Crowson Matthew G, Moukheiber Dana, Arévalo Aldo Robles, Lam Barbara D, Mantena Sreekar, Rana Aakanksha, Goss Deborah, Bates David W, Celi Leo Anthony
Department of Otolaryngology-Head & Neck Surgery, Massachusetts Eye & Ear, Boston, Massachusetts, United States of America.
Department of Otolaryngology-Head & Neck Surgery, Harvard Medical School, Massachusetts, United States of America.
PLOS Digit Health. 2022 May 19;1(5):e0000033. doi: 10.1371/journal.pdig.0000033. eCollection 2022 May.
Federated learning (FL) allows multiple institutions to collaboratively develop a machine learning algorithm without sharing their data. Organizations instead share model parameters only, allowing them to benefit from a model built with a larger dataset while maintaining the privacy of their own data. We conducted a systematic review to evaluate the current state of FL in healthcare and discuss the limitations and promise of this technology.
We conducted a literature search using PRISMA guidelines. At least two reviewers assessed each study for eligibility and extracted a predetermined set of data. The quality of each study was determined using the TRIPOD guideline and PROBAST tool.

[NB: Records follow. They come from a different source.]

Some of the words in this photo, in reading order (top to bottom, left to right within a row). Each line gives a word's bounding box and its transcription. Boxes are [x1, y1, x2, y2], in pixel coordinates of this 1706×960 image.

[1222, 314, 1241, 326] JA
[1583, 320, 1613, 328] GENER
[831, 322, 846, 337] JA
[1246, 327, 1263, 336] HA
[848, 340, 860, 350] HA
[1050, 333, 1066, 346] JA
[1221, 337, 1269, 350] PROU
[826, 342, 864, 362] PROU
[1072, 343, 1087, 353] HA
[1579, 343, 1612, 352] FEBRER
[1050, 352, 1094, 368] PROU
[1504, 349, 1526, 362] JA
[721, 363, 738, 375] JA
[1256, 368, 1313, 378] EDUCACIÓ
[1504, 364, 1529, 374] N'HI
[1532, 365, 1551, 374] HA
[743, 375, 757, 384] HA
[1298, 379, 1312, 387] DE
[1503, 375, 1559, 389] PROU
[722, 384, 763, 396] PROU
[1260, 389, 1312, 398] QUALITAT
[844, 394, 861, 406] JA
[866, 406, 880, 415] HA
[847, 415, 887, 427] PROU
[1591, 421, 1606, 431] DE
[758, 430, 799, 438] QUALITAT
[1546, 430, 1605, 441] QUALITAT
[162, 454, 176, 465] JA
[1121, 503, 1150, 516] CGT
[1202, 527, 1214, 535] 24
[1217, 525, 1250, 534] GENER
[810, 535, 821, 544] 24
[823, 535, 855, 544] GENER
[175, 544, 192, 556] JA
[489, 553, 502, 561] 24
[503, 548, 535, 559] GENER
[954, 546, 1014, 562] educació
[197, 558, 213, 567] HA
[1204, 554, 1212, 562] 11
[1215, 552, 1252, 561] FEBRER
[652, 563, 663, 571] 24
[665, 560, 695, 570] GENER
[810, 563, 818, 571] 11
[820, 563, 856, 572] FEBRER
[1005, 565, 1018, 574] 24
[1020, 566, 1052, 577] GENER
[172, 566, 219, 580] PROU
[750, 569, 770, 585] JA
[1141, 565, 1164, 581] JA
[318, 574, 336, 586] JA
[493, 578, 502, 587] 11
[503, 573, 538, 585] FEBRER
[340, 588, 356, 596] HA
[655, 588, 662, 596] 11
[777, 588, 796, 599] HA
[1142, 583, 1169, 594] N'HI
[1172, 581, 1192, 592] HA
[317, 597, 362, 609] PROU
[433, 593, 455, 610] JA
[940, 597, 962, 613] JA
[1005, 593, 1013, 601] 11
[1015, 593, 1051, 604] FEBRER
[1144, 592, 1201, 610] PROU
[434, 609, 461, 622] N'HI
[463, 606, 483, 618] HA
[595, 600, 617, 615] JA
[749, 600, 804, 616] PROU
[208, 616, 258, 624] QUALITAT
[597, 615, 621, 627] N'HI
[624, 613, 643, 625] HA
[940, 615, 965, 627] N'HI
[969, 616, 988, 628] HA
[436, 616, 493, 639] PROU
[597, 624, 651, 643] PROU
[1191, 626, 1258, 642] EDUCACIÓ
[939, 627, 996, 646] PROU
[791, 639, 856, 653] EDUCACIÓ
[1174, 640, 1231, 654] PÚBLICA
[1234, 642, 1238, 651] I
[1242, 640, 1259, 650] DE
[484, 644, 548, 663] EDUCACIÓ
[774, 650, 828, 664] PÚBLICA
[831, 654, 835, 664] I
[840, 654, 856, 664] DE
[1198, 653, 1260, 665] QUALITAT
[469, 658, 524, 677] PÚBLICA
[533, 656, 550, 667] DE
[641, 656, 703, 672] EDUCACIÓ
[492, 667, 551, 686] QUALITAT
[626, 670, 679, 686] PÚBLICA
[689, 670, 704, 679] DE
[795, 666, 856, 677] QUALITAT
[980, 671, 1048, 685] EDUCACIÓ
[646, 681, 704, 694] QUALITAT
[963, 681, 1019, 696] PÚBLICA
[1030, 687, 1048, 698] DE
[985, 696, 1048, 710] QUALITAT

13 studies were included in the full systematic review. Most were in the field of oncology (6 of 13; 46.1%), followed by radiology (5 of 13; 38.5%). The majority evaluated imaging results, performed a binary classification prediction task via offline learning (n = 12; 92.3%), and used a centralized topology, aggregation server workflow (n = 10; 76.9%). Most studies were compliant with the major reporting requirements of the TRIPOD guidelines. In all, 6 of 13 (46.2%) of studies were judged at high risk of bias using the PROBAST tool and only 5 studies used publicly available data.
Federated learning is a growing field in machine learning with many promising uses in healthcare. Few studies have been published to date. Our evaluation found that investigators can do more to address the risk of bias and increase transparency by adding steps for data homogeneity or sharing required metadata and code.
联邦学习(FL)允许多个机构在不共享数据的情况下协作开发机器学习算法。各机构仅共享模型参数,这样它们既能受益于基于更大数据集构建的模型,又能维护自身数据的隐私性。我们进行了一项系统综述,以评估医疗保健领域中联邦学习的现状,并讨论该技术的局限性和前景。
我们按照PRISMA指南进行文献检索。至少两名评审员评估每项研究的入选资格,并提取一组预先确定的数据。使用TRIPOD指南和PROBAST工具确定每项研究的质量。
全面系统综述纳入了13项研究。大多数研究属于肿瘤学领域(13项中的6项;46.1%),其次是放射学领域(13项中的5项;38.5%)。大多数研究评估了成像结果,通过离线学习执行二元分类预测任务(n = 12;92.3%),并使用集中式拓扑、聚合服务器工作流程(n = 10;76.9%)。大多数研究符合TRIPOD指南的主要报告要求。总体而言,使用PROBAST工具判断,13项研究中有6项(46.2%)存在高偏倚风险,只有5项研究使用了公开可用的数据。
联邦学习是机器学习中一个不断发展的领域,在医疗保健领域有许多有前景的应用。迄今为止发表的研究很少。我们的评估发现,研究人员可以通过增加数据同质性步骤或共享所需的元数据和代码来更多地解决偏倚风险并提高透明度。